Like many other companies, Bedrock Learning struggled with the Great Resignation and the shift to flexible working, which made maintaining a company culture more difficult while making it easier to switch jobs. In early 2022, job vacancies also hit an all-time high in the U.K., according to the country’s Office for National Statistics, increasing competition for workers and therefore making recruitment harder.
Marketing agency Loud Mouth Media, also part of the four-day work week trial, was also affected. “That’s why we got involved,” said Managing Director Mark Haslam.
“During Covid our guys were just getting tapped up, left, right and centre,” he says, adding that competition for talent also intensified as companies started adding new perks for employees.
The shift to the four-day work week has been game changing for both companies.
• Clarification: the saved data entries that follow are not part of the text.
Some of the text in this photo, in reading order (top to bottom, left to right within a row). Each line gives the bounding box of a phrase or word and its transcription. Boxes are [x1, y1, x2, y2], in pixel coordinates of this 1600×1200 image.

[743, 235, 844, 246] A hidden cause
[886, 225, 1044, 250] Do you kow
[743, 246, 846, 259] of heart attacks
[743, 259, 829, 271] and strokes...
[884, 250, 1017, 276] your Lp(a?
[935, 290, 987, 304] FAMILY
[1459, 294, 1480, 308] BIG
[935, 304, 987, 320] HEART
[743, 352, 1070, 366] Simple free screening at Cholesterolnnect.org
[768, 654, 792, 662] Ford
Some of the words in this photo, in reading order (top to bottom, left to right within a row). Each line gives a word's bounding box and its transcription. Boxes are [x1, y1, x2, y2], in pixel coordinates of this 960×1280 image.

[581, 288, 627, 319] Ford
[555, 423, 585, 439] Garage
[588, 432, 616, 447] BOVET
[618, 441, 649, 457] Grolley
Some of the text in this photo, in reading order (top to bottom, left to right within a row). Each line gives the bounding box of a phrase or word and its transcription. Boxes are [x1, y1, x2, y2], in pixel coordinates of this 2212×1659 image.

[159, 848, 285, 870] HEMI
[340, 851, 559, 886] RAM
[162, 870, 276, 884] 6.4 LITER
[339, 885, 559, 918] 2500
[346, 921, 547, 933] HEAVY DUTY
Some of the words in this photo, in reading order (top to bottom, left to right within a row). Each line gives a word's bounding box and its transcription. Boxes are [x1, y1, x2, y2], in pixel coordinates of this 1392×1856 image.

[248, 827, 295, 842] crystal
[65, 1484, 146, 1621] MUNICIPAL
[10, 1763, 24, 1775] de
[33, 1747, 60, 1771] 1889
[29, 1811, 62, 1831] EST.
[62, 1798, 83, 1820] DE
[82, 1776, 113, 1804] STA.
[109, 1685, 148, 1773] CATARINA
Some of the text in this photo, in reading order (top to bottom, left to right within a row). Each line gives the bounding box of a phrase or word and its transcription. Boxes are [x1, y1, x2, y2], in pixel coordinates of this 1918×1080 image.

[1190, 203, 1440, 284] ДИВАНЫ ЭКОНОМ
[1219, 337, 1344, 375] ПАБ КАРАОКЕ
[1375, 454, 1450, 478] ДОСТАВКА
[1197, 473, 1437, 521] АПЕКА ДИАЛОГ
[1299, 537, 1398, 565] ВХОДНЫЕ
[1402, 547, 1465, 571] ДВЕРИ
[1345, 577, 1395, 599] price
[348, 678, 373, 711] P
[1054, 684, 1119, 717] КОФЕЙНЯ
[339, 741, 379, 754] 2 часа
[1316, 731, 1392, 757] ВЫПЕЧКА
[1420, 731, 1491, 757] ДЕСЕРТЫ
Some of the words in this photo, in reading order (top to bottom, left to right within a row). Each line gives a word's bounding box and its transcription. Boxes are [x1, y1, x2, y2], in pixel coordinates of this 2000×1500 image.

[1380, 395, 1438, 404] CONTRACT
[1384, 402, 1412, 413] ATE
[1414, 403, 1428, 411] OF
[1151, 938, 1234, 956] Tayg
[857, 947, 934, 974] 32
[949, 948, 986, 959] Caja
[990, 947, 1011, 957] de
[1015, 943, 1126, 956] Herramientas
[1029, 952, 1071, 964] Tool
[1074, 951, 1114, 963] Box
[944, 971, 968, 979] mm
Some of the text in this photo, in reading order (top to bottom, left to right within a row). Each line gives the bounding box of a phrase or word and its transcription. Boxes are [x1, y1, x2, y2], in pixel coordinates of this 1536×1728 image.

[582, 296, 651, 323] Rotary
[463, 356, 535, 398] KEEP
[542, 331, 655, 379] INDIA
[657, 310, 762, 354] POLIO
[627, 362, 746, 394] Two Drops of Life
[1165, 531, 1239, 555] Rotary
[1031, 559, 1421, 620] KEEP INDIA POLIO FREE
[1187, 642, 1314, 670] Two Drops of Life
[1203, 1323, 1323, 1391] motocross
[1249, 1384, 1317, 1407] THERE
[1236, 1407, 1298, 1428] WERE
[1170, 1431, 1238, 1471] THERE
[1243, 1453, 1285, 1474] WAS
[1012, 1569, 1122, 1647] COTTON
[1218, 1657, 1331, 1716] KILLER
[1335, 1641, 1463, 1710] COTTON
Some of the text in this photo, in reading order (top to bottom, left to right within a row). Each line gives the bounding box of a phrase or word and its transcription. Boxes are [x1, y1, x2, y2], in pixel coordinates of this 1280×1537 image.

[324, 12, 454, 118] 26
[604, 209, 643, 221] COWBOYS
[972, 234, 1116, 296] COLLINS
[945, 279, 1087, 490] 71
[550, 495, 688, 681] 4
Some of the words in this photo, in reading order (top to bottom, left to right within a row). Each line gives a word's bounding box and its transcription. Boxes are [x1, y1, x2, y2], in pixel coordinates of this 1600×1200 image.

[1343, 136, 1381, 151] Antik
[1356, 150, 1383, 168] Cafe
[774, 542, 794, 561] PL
“I would say things have completely sort of stabilised compared to what they were in terms of like retention,” Bedrock Learning’s Leary said, adding that only one employee has resigned since June, when the trial began.
However, the surge in applications doesn’t necessarily make it any easier to find the right candidate, Haslam said.
“If somebody comes to me and says I want to work for you because you do a four-day week, we don’t entertain them remotely. Because it’s not a genuine driver for somebody and that just means somebody wants to work less, you know, it makes you kind of question their ethics,” he says.
Haslam said he wants to hire candidates who are aligned with the company’s values and goals, and that goes beyond the four-day week.
Tyler Grange has had similar experiences.
“We get an awful lot of people apply because we’re a four-day week trial company and not because they’ve got the right skill that we would actually be looking for in our business,” said Human Resources Director Brittain.